_What this task involves_
Output each entry in full so that the result matches the data exactly.

:: Record extracts

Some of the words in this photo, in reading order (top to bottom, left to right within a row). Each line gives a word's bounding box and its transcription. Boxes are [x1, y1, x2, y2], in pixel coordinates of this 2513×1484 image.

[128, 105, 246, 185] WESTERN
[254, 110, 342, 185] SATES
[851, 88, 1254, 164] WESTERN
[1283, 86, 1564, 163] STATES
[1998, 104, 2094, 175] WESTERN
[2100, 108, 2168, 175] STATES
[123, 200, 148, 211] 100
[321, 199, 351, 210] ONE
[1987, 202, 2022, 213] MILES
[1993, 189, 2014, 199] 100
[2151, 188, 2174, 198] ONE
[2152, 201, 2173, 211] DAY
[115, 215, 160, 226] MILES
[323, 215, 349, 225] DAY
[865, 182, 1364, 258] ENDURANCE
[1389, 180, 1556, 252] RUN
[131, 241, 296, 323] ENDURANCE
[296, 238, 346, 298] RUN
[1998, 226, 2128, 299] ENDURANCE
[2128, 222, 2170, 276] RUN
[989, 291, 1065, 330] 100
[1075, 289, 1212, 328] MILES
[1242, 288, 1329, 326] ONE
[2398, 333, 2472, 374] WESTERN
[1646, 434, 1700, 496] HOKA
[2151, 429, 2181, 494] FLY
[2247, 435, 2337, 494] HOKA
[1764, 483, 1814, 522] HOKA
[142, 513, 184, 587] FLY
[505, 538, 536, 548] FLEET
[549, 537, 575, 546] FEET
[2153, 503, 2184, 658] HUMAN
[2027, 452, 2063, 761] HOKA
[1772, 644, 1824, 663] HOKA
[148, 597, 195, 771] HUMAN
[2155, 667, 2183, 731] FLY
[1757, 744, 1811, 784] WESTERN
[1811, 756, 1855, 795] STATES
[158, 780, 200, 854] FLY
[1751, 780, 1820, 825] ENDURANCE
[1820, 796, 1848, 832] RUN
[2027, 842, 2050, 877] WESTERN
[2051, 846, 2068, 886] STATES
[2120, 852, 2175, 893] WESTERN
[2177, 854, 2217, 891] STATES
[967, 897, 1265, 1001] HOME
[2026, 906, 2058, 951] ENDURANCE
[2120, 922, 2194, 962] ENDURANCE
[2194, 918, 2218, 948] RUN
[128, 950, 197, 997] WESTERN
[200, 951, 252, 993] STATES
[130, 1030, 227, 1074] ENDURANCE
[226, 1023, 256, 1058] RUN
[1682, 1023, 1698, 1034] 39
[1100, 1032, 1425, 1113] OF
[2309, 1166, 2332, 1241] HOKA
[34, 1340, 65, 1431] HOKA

::::

_Result_
Some of the words in this photo, in reading order (top to bottom, left to right within a row). Each line gives a word's bounding box and its transcription. Boxes are [x1, y1, x2, y2], in pixel coordinates of this 2513×1484 image.

[128, 105, 246, 185] WESTERN
[254, 110, 342, 185] SATES
[851, 88, 1254, 164] WESTERN
[1283, 86, 1564, 163] STATES
[1998, 104, 2094, 175] WESTERN
[2100, 108, 2168, 175] STATES
[123, 200, 148, 211] 100
[321, 199, 351, 210] ONE
[1987, 202, 2022, 213] MILES
[1993, 189, 2014, 199] 100
[2151, 188, 2174, 198] ONE
[2152, 201, 2173, 211] DAY
[115, 215, 160, 226] MILES
[323, 215, 349, 225] DAY
[865, 182, 1364, 258] ENDURANCE
[1389, 180, 1556, 252] RUN
[131, 241, 296, 323] ENDURANCE
[296, 238, 346, 298] RUN
[1998, 226, 2128, 299] ENDURANCE
[2128, 222, 2170, 276] RUN
[989, 291, 1065, 330] 100
[1075, 289, 1212, 328] MILES
[1242, 288, 1329, 326] ONE
[2398, 333, 2472, 374] WESTERN
[1646, 434, 1700, 496] HOKA
[2151, 429, 2181, 494] FLY
[2247, 435, 2337, 494] HOKA
[1764, 483, 1814, 522] HOKA
[142, 513, 184, 587] FLY
[505, 538, 536, 548] FLEET
[549, 537, 575, 546] FEET
[2153, 503, 2184, 658] HUMAN
[2027, 452, 2063, 761] HOKA
[1772, 644, 1824, 663] HOKA
[148, 597, 195, 771] HUMAN
[2155, 667, 2183, 731] FLY
[1757, 744, 1811, 784] WESTERN
[1811, 756, 1855, 795] STATES
[158, 780, 200, 854] FLY
[1751, 780, 1820, 825] ENDURANCE
[1820, 796, 1848, 832] RUN
[2027, 842, 2050, 877] WESTERN
[2051, 846, 2068, 886] STATES
[2120, 852, 2175, 893] WESTERN
[2177, 854, 2217, 891] STATES
[967, 897, 1265, 1001] HOME
[2026, 906, 2058, 951] ENDURANCE
[2120, 922, 2194, 962] ENDURANCE
[2194, 918, 2218, 948] RUN
[128, 950, 197, 997] WESTERN
[200, 951, 252, 993] STATES
[130, 1030, 227, 1074] ENDURANCE
[226, 1023, 256, 1058] RUN
[1682, 1023, 1698, 1034] 39
[1100, 1032, 1425, 1113] OF
[2309, 1166, 2332, 1241] HOKA
[34, 1340, 65, 1431] HOKA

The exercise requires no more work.